__TASK ITEM__.
What's needed is the listing below, repeated word for word with no pictures.

__INFORMATION SUPPLIED__.
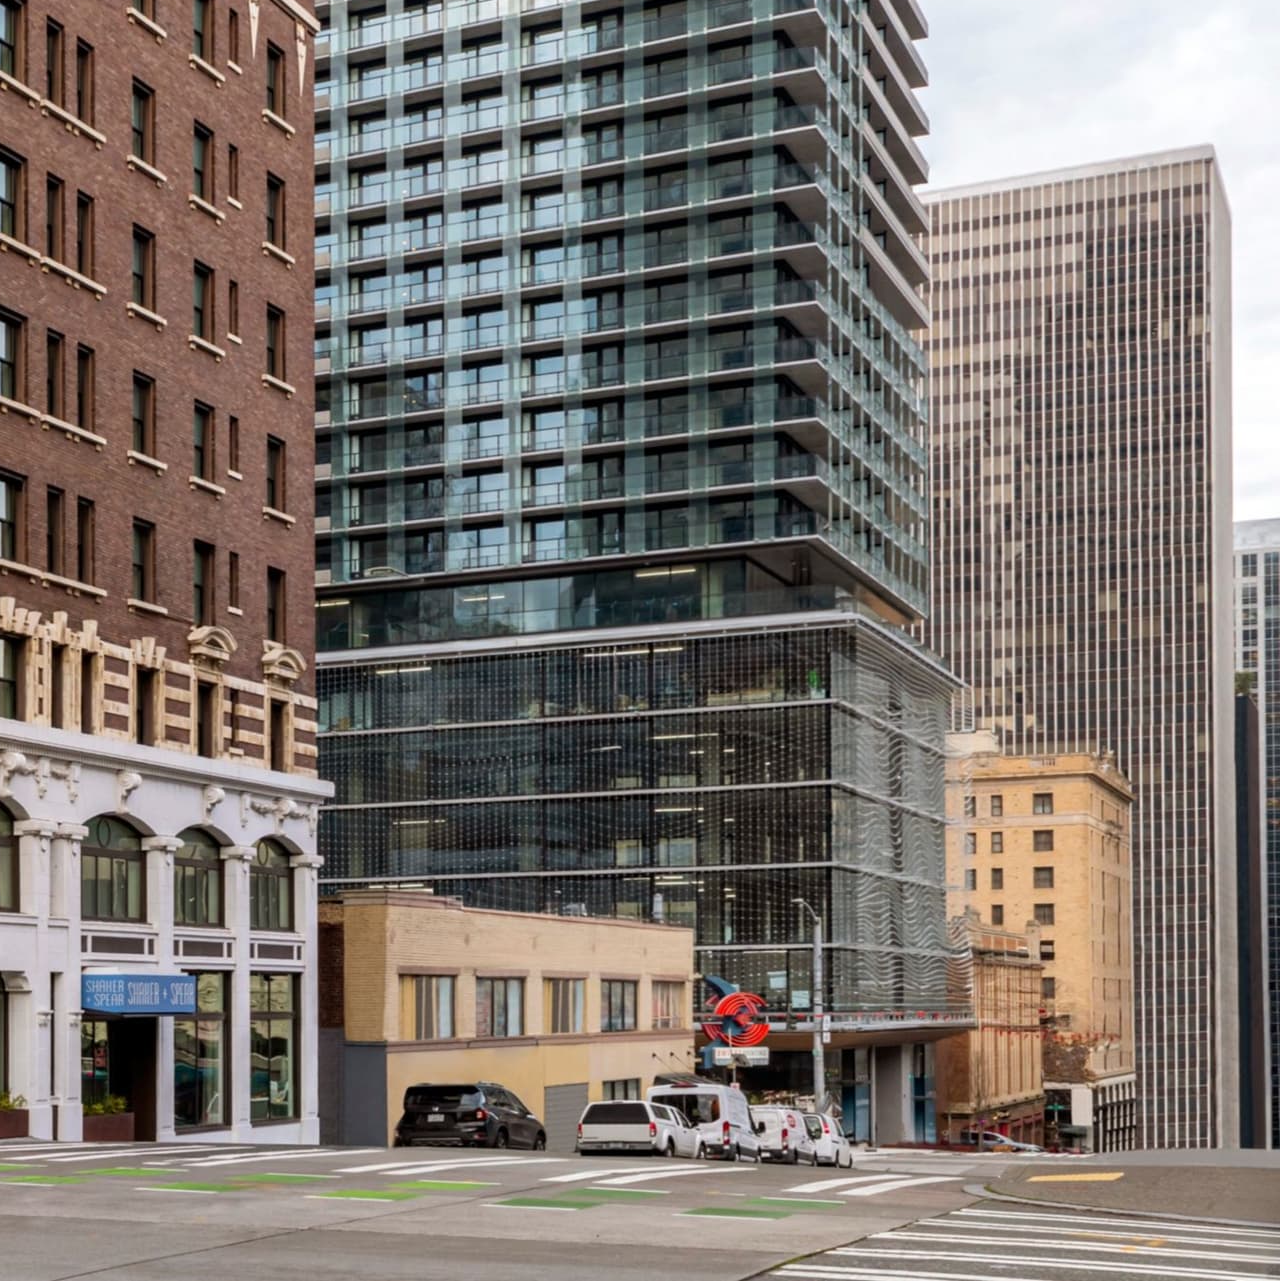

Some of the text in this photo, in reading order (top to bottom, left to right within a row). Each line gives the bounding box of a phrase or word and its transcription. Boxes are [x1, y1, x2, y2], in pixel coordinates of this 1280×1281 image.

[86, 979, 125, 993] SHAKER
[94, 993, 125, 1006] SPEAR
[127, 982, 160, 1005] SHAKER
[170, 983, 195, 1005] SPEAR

__EXPECTED ANSWER__.
Some of the text in this photo, in reading order (top to bottom, left to right within a row). Each line gives the bounding box of a phrase or word and its transcription. Boxes are [x1, y1, x2, y2], in pixel coordinates of this 1280×1281 image.

[86, 979, 125, 993] SHAKER
[94, 993, 125, 1006] SPEAR
[127, 982, 160, 1005] SHAKER
[170, 983, 195, 1005] SPEAR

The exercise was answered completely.